Talked to the investigator. She didn’t have much info to share but it does sound like my little morsels are contributing to information already known. I think she thought I’d know more than I did from being a kid on campus, but I was so little, really didn’t know much about any misdoings at that time. Was glad to hear the one guy got fired by previous headmaster after a report was made against him, and it sounds like quite a lot of info is building about him.
And phew, sounds like my dad is not someone they are investigating anything about.
Of course. You’re so meshed into the whole thing by your childhood friends, friends of your mother and father, and just by growing up at the ‘scene of the crime’. But you’re also empathetic and caring, and know that the investigation and its outcome will have effects on more than just the perpetrator/s. So I think I understand why it’s causing you anxiety, but salute you for doing the right thing. It’s easy to say, often not-so-easy to do: continue to be brave.
I got five bucks for the first person who can find a legitimately non-horrifying, caring, thoughtful, well-considered, reasonable, and honorable thing Louie Gohmert has ever said in public.
50 years ago, I had some minor surgery by a doctor who didn’t use enough local anesthetic, and told me off when I screamed. He yelled, “You’ll scare your mother!” (she was in the corridor). At some point (a follow-up appointment maybe?) the surgeon showed some anonymous doctor into the examining room, then left. The doctor proceeded to stick his hand down my pants. It took five years before I realized what it was. I wish I’d done something. Now it’s too late. They’re probably both dead. And I never got the guy’s name.
I wonder how many other kids were assaulted by that asshole, enabled by the second (I wonder if they traded places, to keep the anonymity). And this was a children’s hospital in a big city.
At least I can say it was soooooo long ago that it doesn’t seem to affect my life – I don’t know that it ever did much – but I suppose it’s one reason I’ve had problems with crappy clinicians (and I’ve had a lot)! Actually that surgeon was a much greater source of anger at the time.

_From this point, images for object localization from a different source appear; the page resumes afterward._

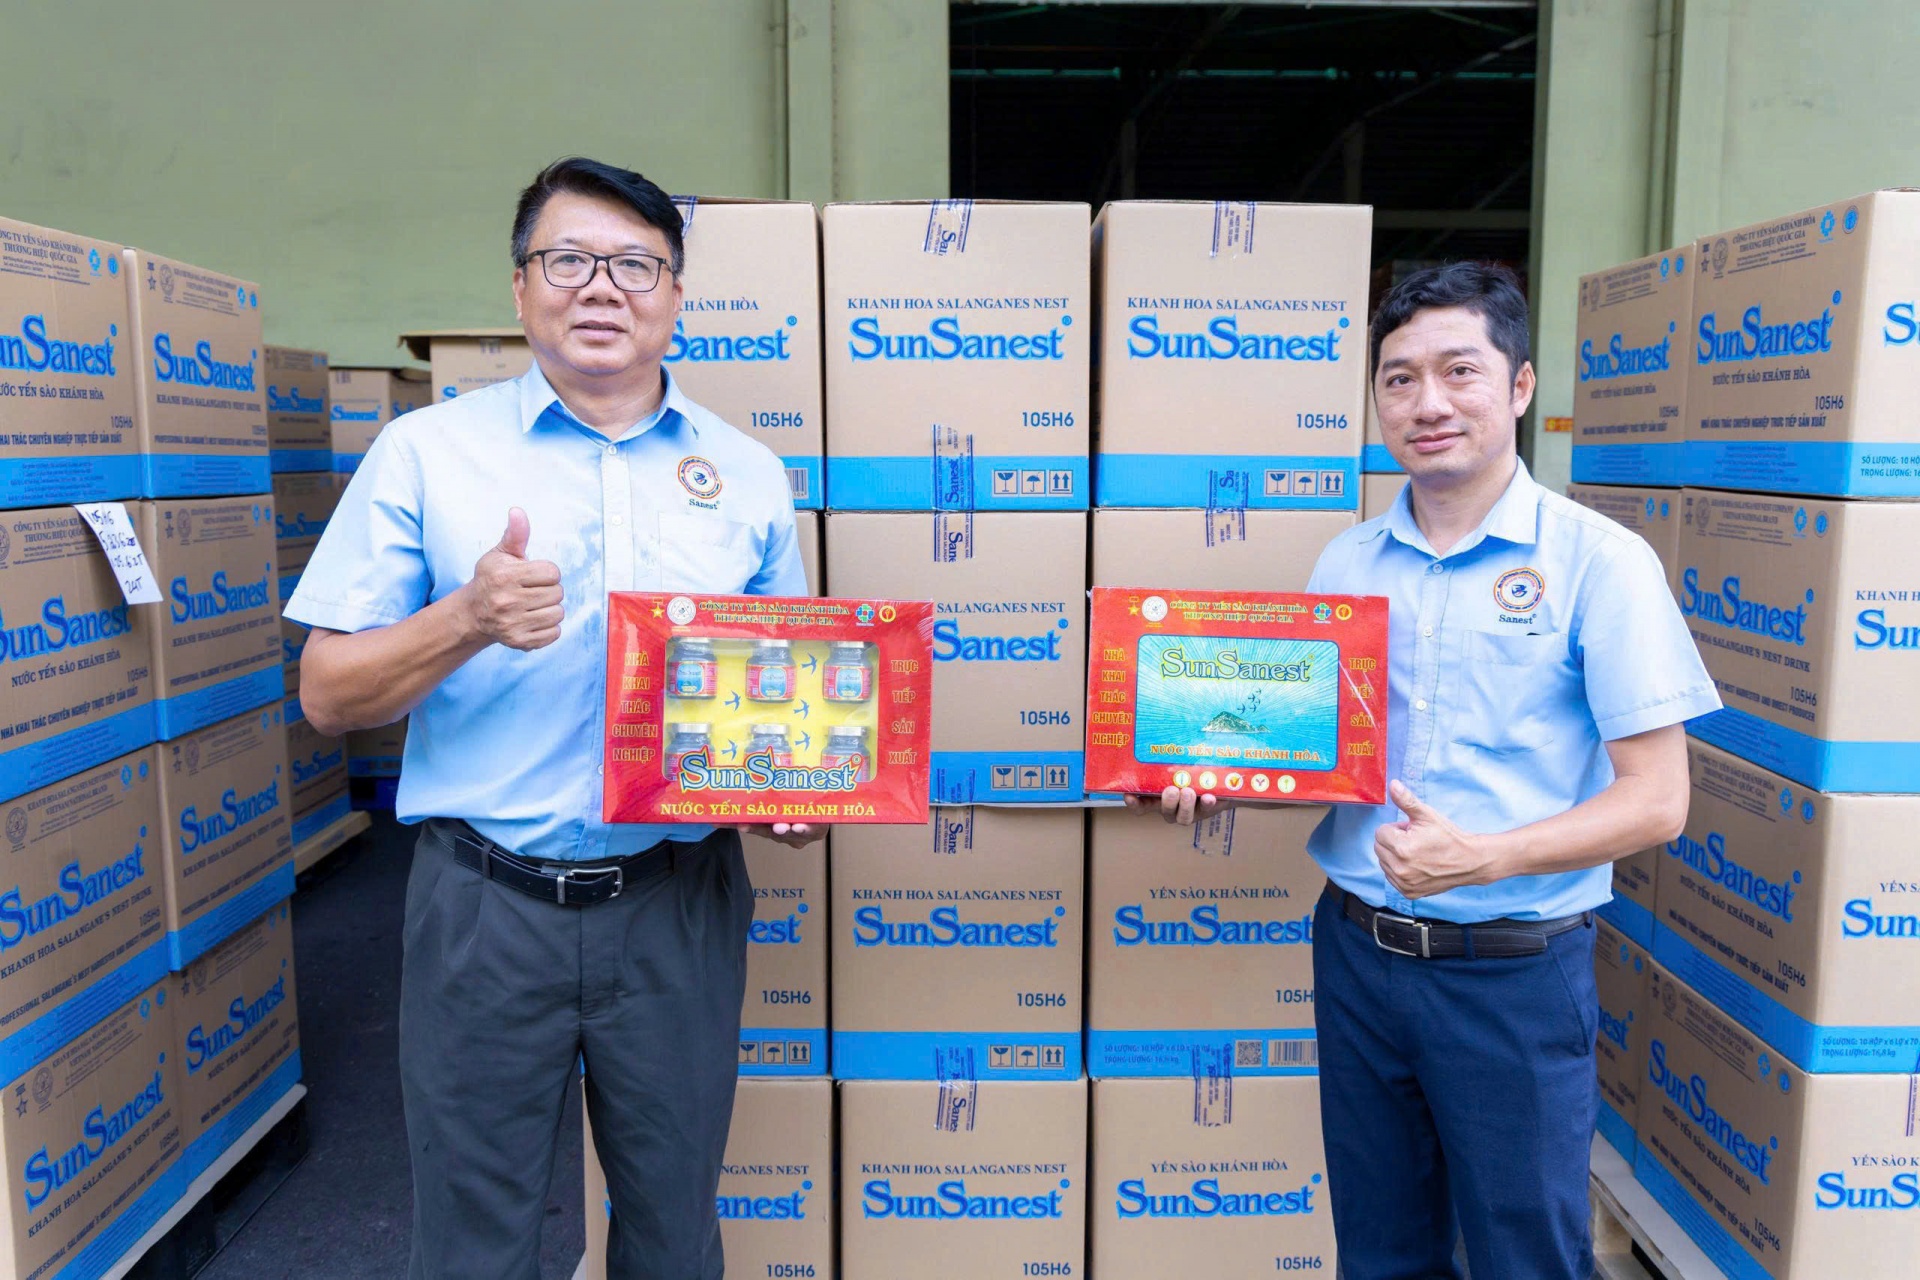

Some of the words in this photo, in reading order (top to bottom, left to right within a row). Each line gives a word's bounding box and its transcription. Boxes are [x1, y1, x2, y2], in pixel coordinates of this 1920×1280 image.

[679, 297, 726, 311] HÁNH
[730, 297, 759, 310] HÒA
[848, 298, 900, 310] KHANH
[904, 299, 933, 310] HOA
[937, 299, 1030, 310] SALANGANES
[1033, 298, 1070, 309] NEST
[1127, 297, 1180, 309] KHANH
[1183, 299, 1213, 310] HOA
[1216, 299, 1308, 311] SALANGANES
[1311, 300, 1348, 311] NEST
[848, 314, 1065, 363] SunSanest
[1127, 312, 1342, 362] SunSanest
[1698, 302, 1834, 365] SunSanest
[1815, 395, 1845, 410] 105H6
[751, 412, 804, 428] 105H6
[1022, 412, 1074, 427] 105H6
[1296, 414, 1348, 429] 105H6
[1856, 590, 1908, 602] KHANH
[936, 602, 1028, 614] SALANGANES
[1030, 602, 1066, 613] NEST
[1498, 614, 1533, 624] Sanest
[0, 594, 132, 664] unSanest
[1162, 645, 1311, 683] SunSanest
[622, 676, 650, 690] KHAI
[1102, 670, 1126, 682] KHAI
[1100, 690, 1126, 703] THÁC
[1790, 686, 1818, 707] 105H6
[1020, 710, 1070, 726] 105H6
[1092, 712, 1132, 724] CHUYÊN
[612, 722, 658, 737] CHUYÊN
[680, 746, 858, 794] SunSanest
[660, 802, 708, 816] NƯỚC
[709, 799, 742, 816] YẾN
[746, 800, 777, 816] SÀO
[782, 800, 839, 816] KHÁNH
[843, 800, 876, 816] HÒA
[770, 888, 806, 898] NEST
[852, 889, 902, 900] KHANH
[906, 890, 934, 900] HOA
[937, 890, 1026, 900] SALANGANES
[1028, 890, 1062, 900] NEST
[1150, 886, 1177, 899] YẾN
[1180, 886, 1206, 899] SÀO
[1209, 886, 1260, 898] KHÁNH
[1262, 885, 1290, 898] HÒA
[1880, 881, 1908, 893] YẾN
[853, 903, 1059, 948] SunSanest
[1841, 897, 1920, 940] Sun
[1778, 960, 1806, 988] 105H6
[762, 990, 812, 1004] 105H6
[1017, 992, 1066, 1007] 105H6
[1150, 1160, 1178, 1174] YẾN
[1180, 1160, 1206, 1174] SÀO
[1209, 1159, 1258, 1172] KHÁNH
[1262, 1158, 1288, 1172] HÒA
[1852, 1154, 1879, 1166] YẾN
[1882, 1154, 1907, 1167] SÀO
[776, 1165, 810, 1175] NEST
[862, 1163, 910, 1174] KHANH
[914, 1164, 942, 1174] HOA
[944, 1164, 1031, 1175] SALANGANES
[1034, 1164, 1068, 1174] NEST
[862, 1178, 1064, 1220] SunSanest
[1116, 1176, 1314, 1220] SunSanest
[1754, 1217, 1781, 1251] 105H6
[1023, 1262, 1072, 1276] 105H6
[1275, 1256, 1322, 1270] 105H6
[766, 1264, 815, 1278] 105H6
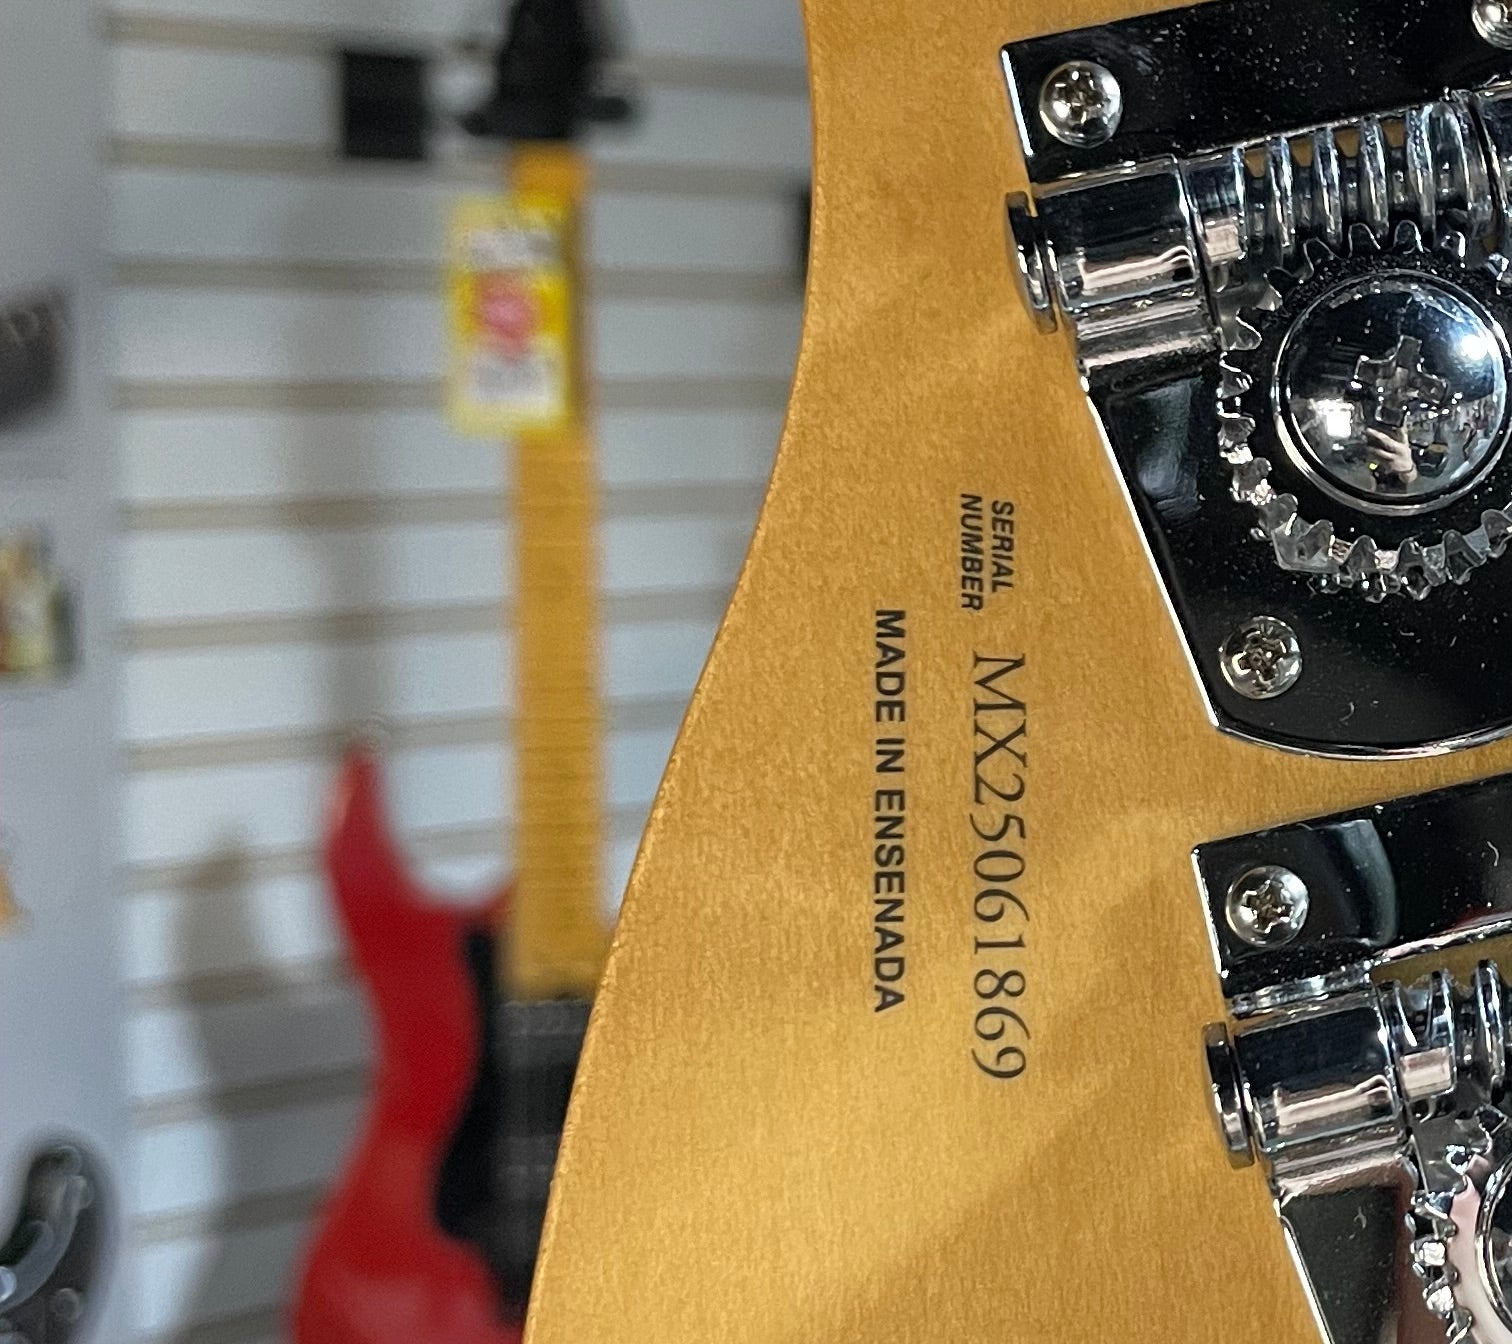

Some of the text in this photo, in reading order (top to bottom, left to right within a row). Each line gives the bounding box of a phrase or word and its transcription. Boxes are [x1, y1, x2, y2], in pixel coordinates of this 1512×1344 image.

He was just an arrogant jerk.
Now, I have more control, and I just don’t go back to any physician who’s an asshole. All of my docs now are angels.
I’m still experiencing what it’s like to speak out. I talked with my husband a bit about the call. He wondered what the point was - all these men are so old or dead now, and the school is not going to prosecute crimes, most likely - but to me it was nice to tell someone finally after all these years, and to know I was not alone. I’ve kept silent about it for 30 years.
One of the men came on to me when I was 16 or 17. I lived across the street from him. I’d known him since I was 2 years old. I played with his children all the time. How gross. Just to say that out loud - that was gross. To know other girls had gone through it, as it was just a hazy memory, made me know I wasn’t imagining it or misremembering. And he has this really fabulous reputation, always the nicest guy; I mean, he was a really nice guy - other than the creepy come on. I look at his picture and I see a nice man, a kind man. I’m pretty sure there is a building or a field named after him. It’s super complicated. The daughters, I’m friends with them on facebook. They are the ones who will have to deal with the fallout, not him. He is dead.
This is all new to me. I tried to speak up once before when a doctor molested me a few years ago and I never heard anything back from the person I sent the email to (supposedly the appropriate person) and the doctor was still practicing.
You might start researching stuff about trauma because I was really surprised that trauma I thought had had no effect on me had - people disassociate during trauma and think it had no effect on them. Then, you start putting pieces and memories together and it’s like there’s been a big hole in your life that was having this big effect you never realized. It’s fascinating to do the work. Like archaeology of the mind.
Just having Crohn’s as a kid caused trauma on a daily basis, especially since it was so misunderstood in the 1960’s. I did a lot of disassociating, to be sure, but I’ve done a lot of work untangling it – decades’ worth.
I think what was worse than that one pedo-atrician was the primitive proctos I got (at an earlier age) with no anesthesia. And of course the whole child’s embarrassment of a disease that made you run for the boy’s room all the time.